> EXERCISE: Please output all the entries word for word, without the pictures.

☆ ☆ ☆ ☆ ☆

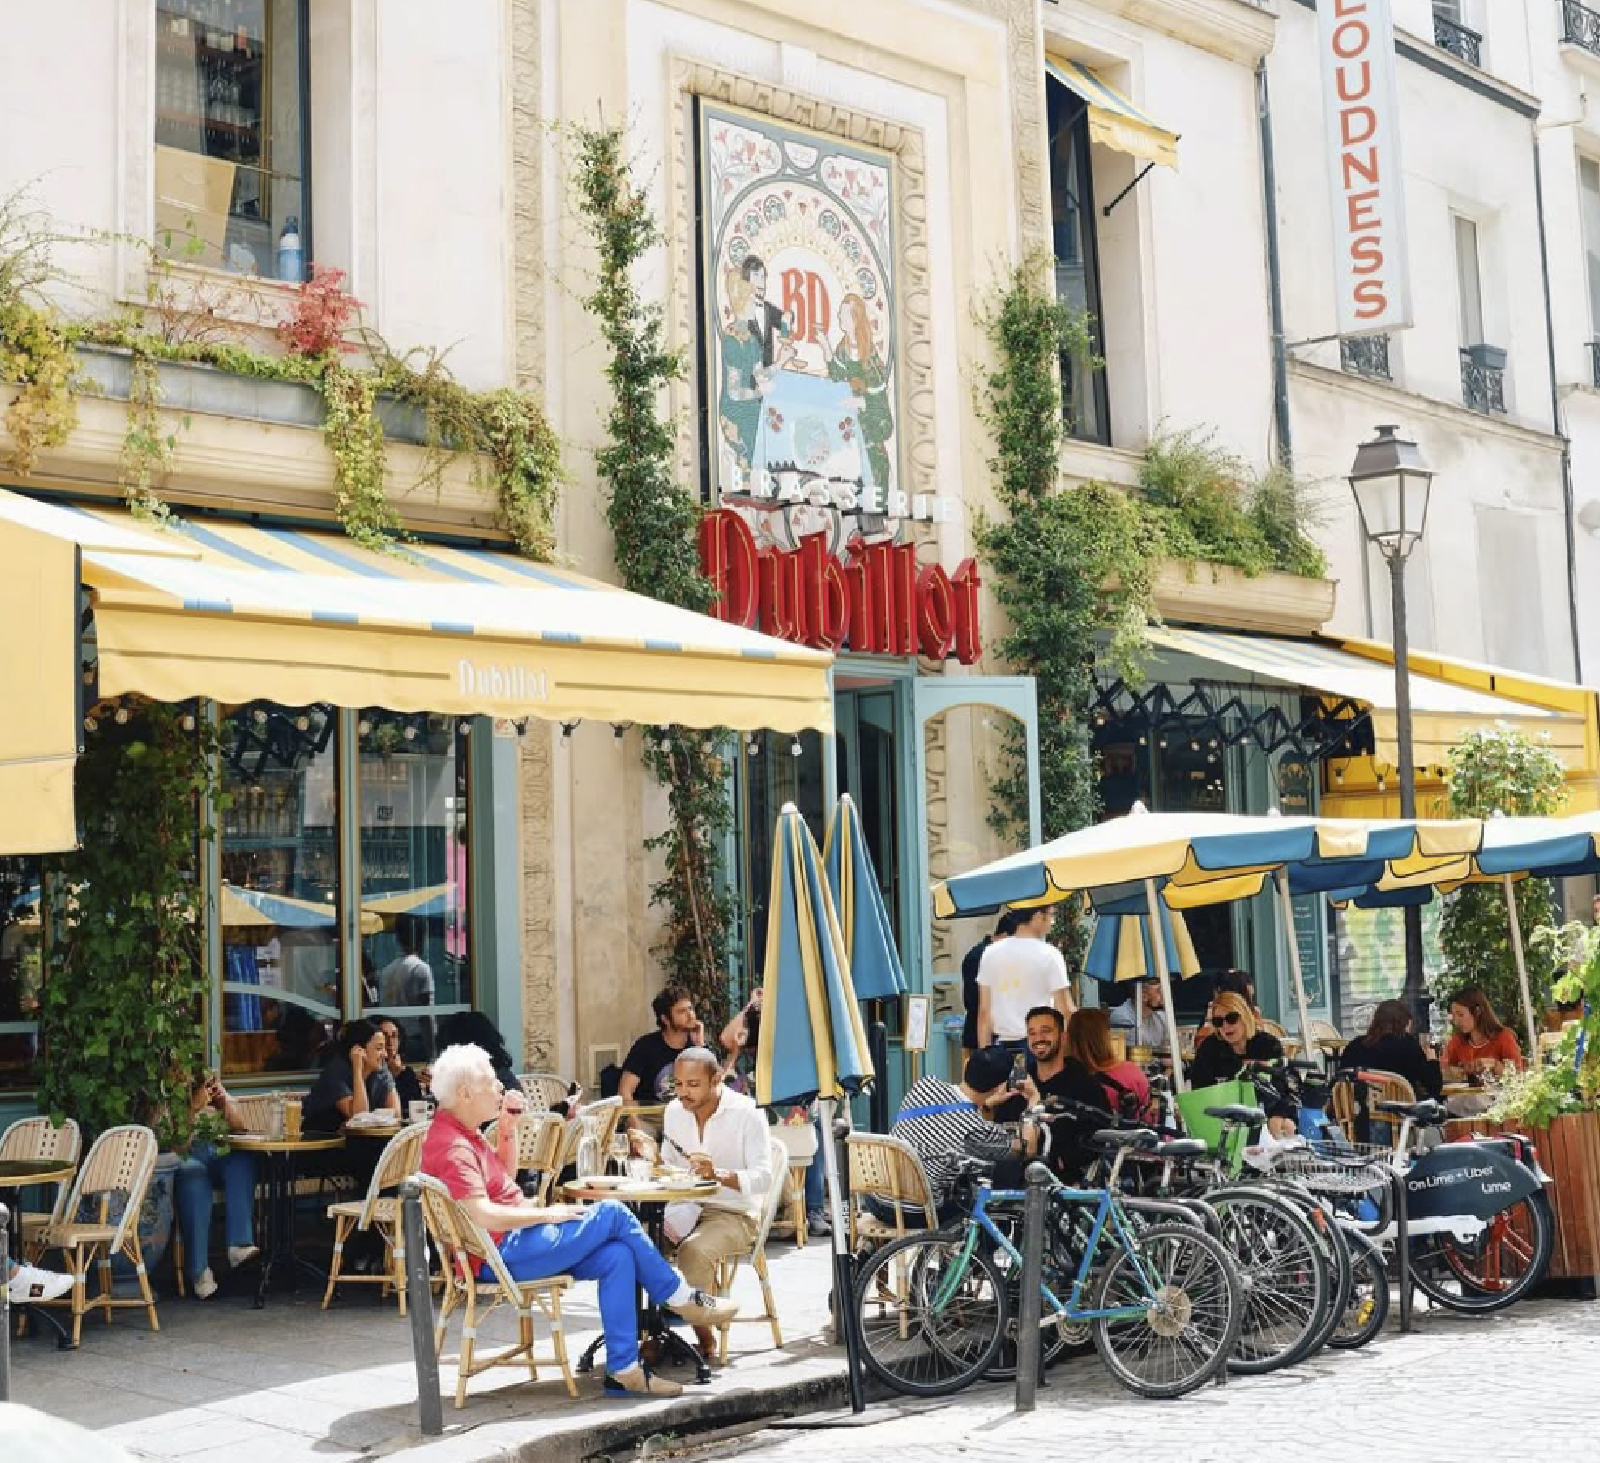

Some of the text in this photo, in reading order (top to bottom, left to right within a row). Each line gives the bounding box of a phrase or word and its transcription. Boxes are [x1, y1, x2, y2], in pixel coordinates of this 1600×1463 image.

[725, 466, 960, 520] BRASSERIE
[698, 507, 982, 664] Dubillot
[1408, 1180, 1427, 1192] On
[1426, 1174, 1454, 1188] Lime
[1463, 1165, 1494, 1179] Uber
[1481, 1181, 1512, 1194] Lime
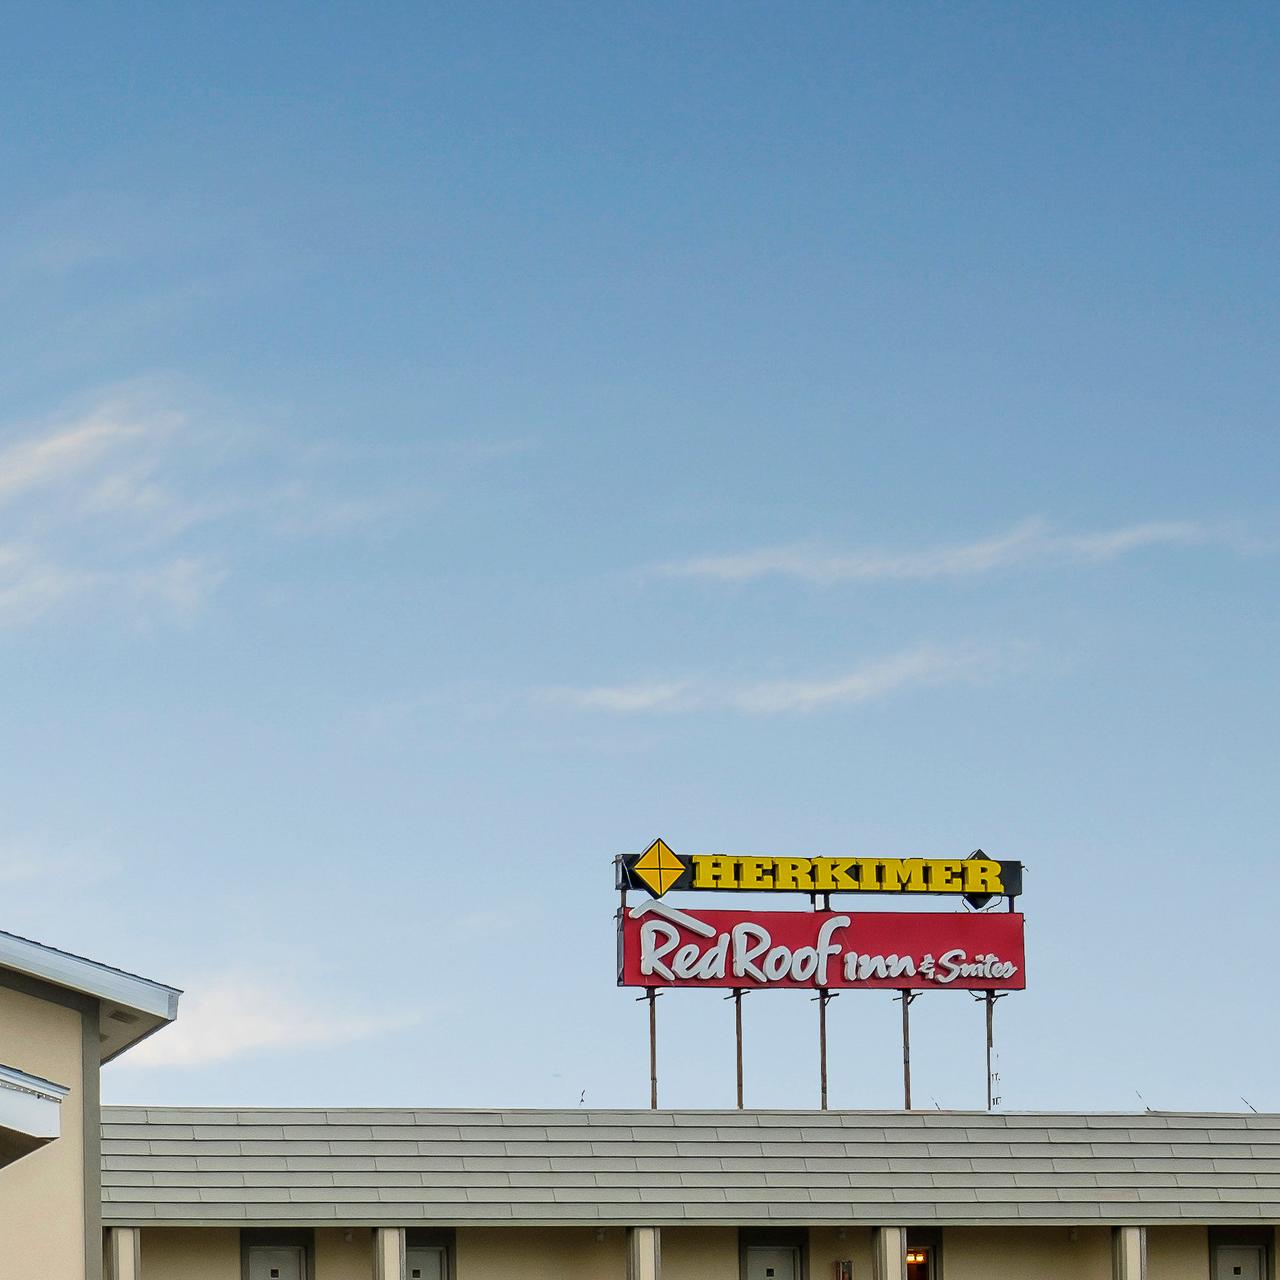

☆ ☆ ☆ ☆ ☆

> RESULT FOR THIS TASK:
Some of the text in this photo, in reading order (top to bottom, left to right within a row). Each line gives the bounding box of a phrase or word and its transcription. Boxes are [x1, y1, x2, y2], in pixel coordinates of this 1600×1463 image.

[725, 466, 960, 520] BRASSERIE
[698, 507, 982, 664] Dubillot
[1408, 1180, 1427, 1192] On
[1426, 1174, 1454, 1188] Lime
[1463, 1165, 1494, 1179] Uber
[1481, 1181, 1512, 1194] Lime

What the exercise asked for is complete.